_YOUR ASSIGNMENT_
Your output should repeat the entries below exactly. It should contain no images.

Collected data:
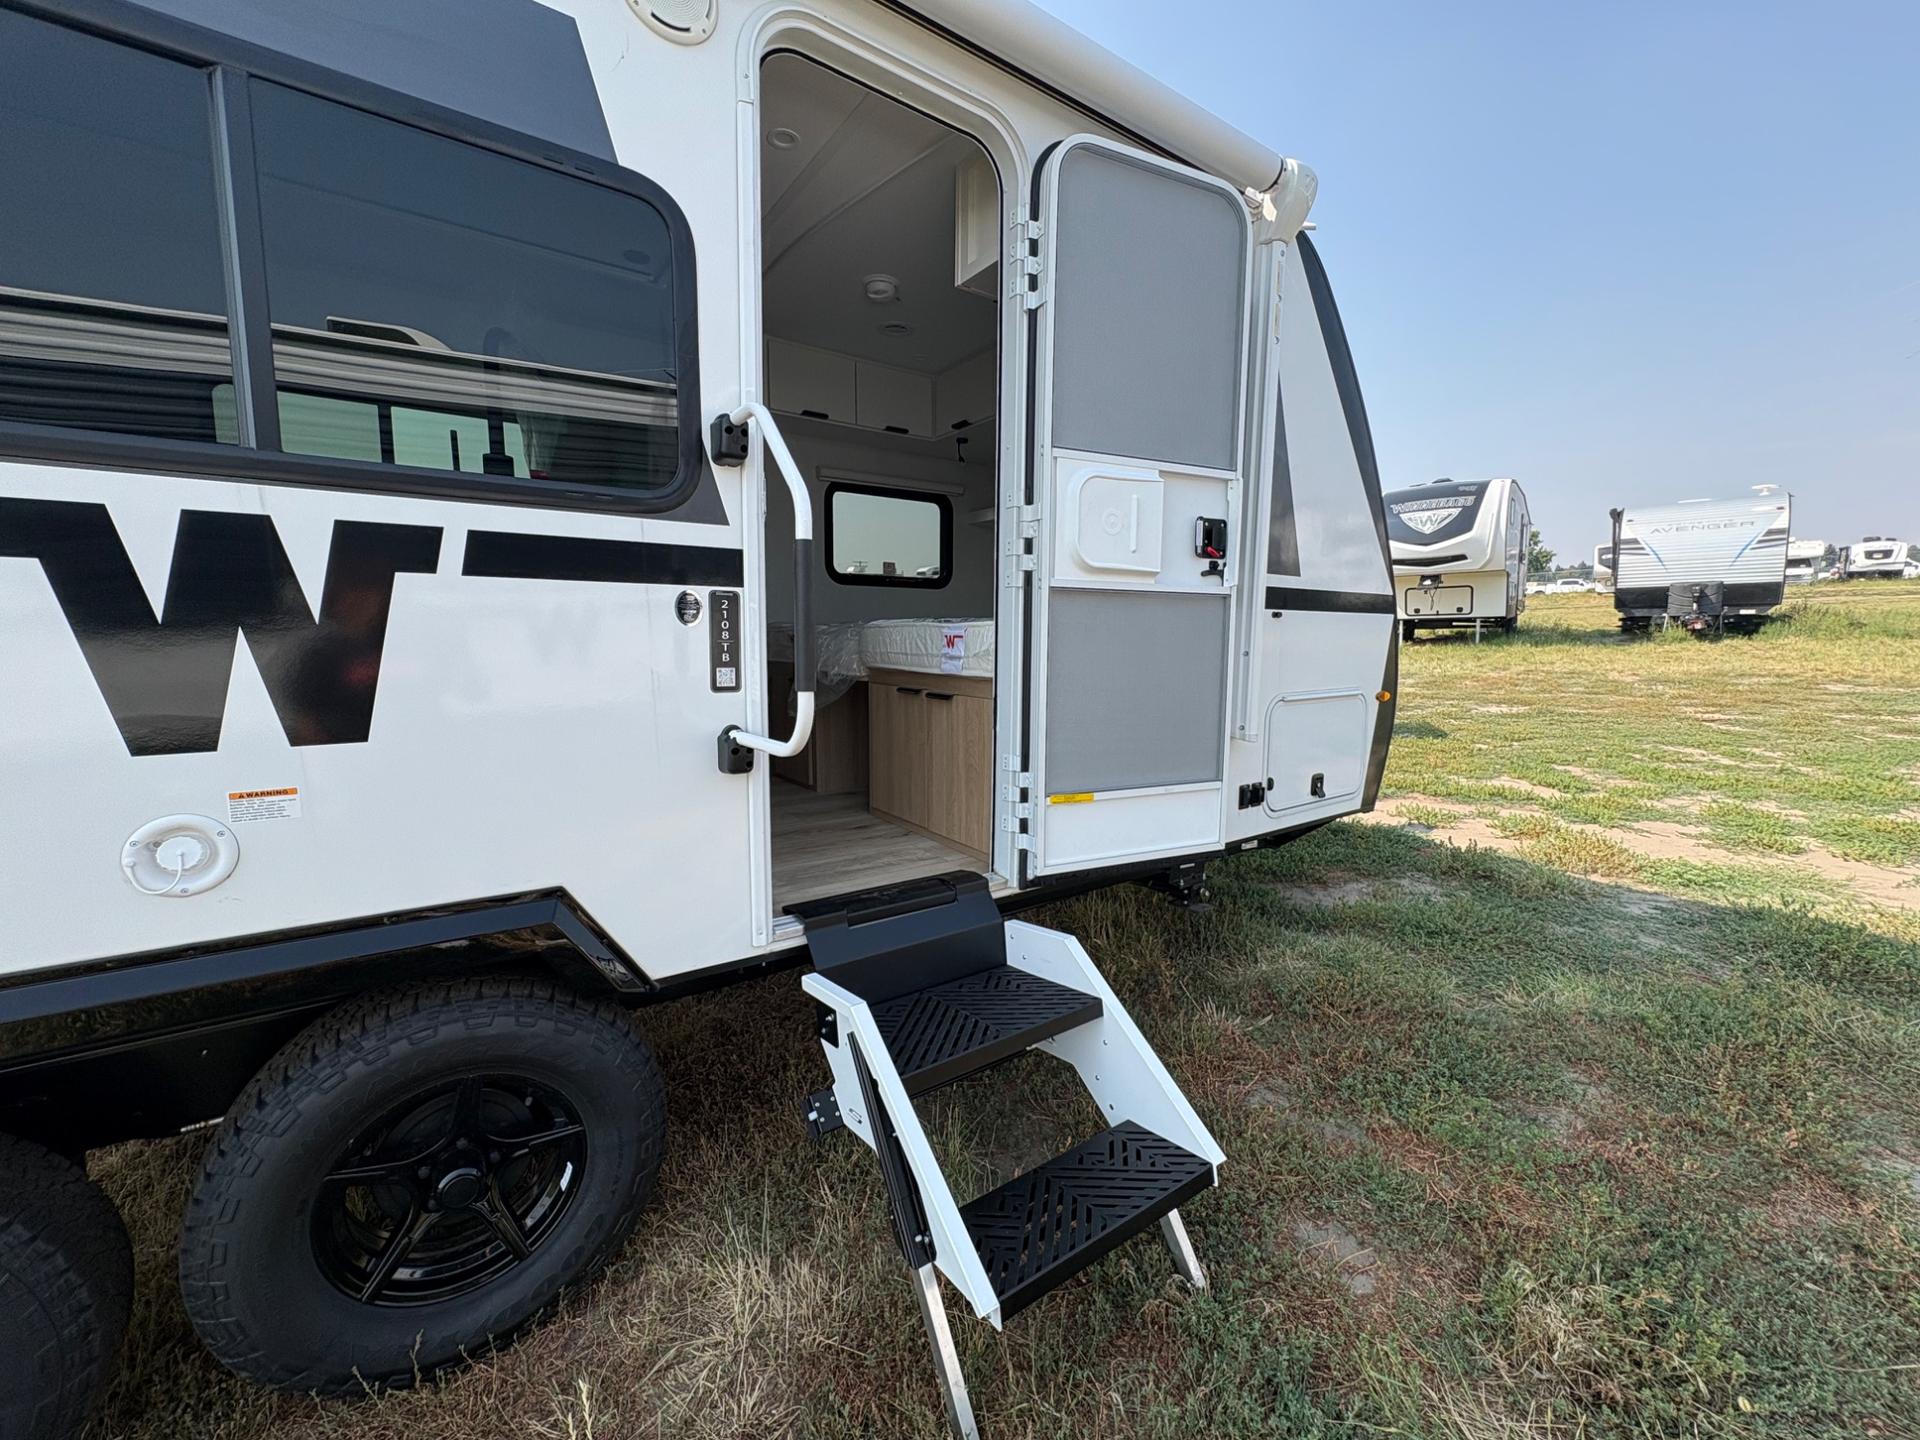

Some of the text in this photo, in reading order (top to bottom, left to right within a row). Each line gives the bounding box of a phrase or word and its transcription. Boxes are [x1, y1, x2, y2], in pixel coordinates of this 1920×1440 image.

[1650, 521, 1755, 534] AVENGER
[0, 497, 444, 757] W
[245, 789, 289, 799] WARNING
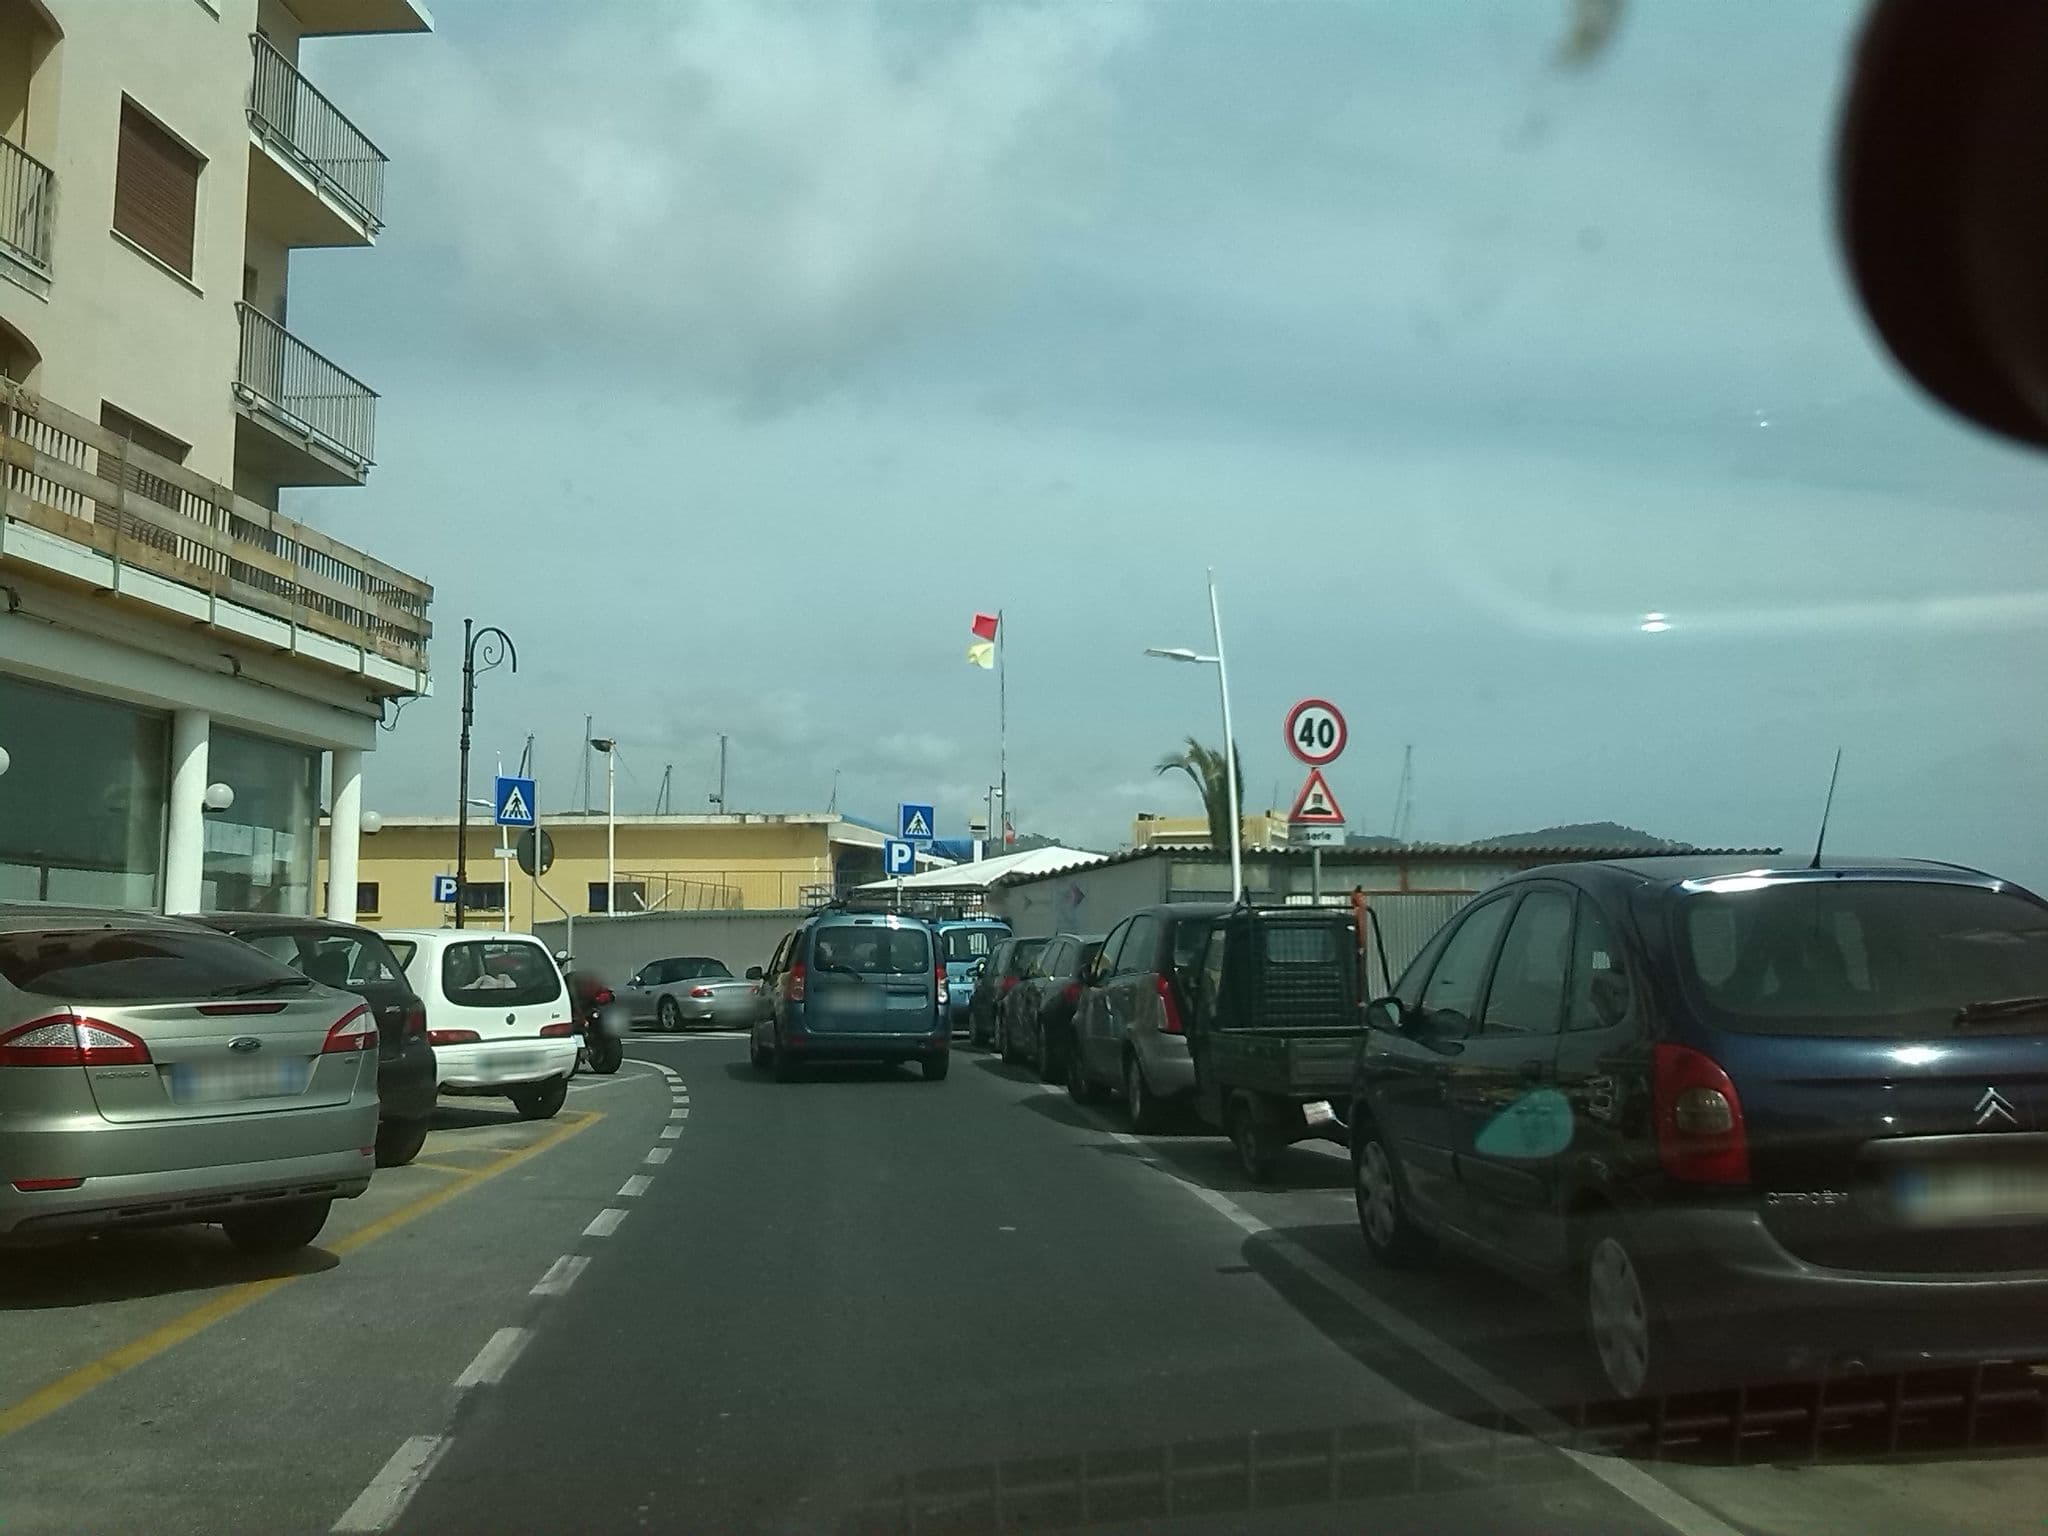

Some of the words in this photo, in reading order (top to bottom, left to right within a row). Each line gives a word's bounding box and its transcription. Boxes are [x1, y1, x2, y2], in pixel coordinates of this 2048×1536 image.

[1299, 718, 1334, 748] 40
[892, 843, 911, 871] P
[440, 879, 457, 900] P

_EXPECTED OUTPUT_
Some of the text in this photo, in reading order (top to bottom, left to right within a row). Each line gives the bounding box of a phrase or word and its transcription. Boxes are [x1, y1, x2, y2], in pixel coordinates of this 1920×1440 image.

[1650, 521, 1755, 534] AVENGER
[0, 497, 444, 757] W
[245, 789, 289, 799] WARNING

Some of the words in this photo, in reading order (top to bottom, left to right within a row). Each line gives a word's bounding box and its transcription. Boxes are [x1, y1, x2, y2], in pixel coordinates of this 2048×1536 image.

[1299, 718, 1334, 748] 40
[892, 843, 911, 871] P
[440, 879, 457, 900] P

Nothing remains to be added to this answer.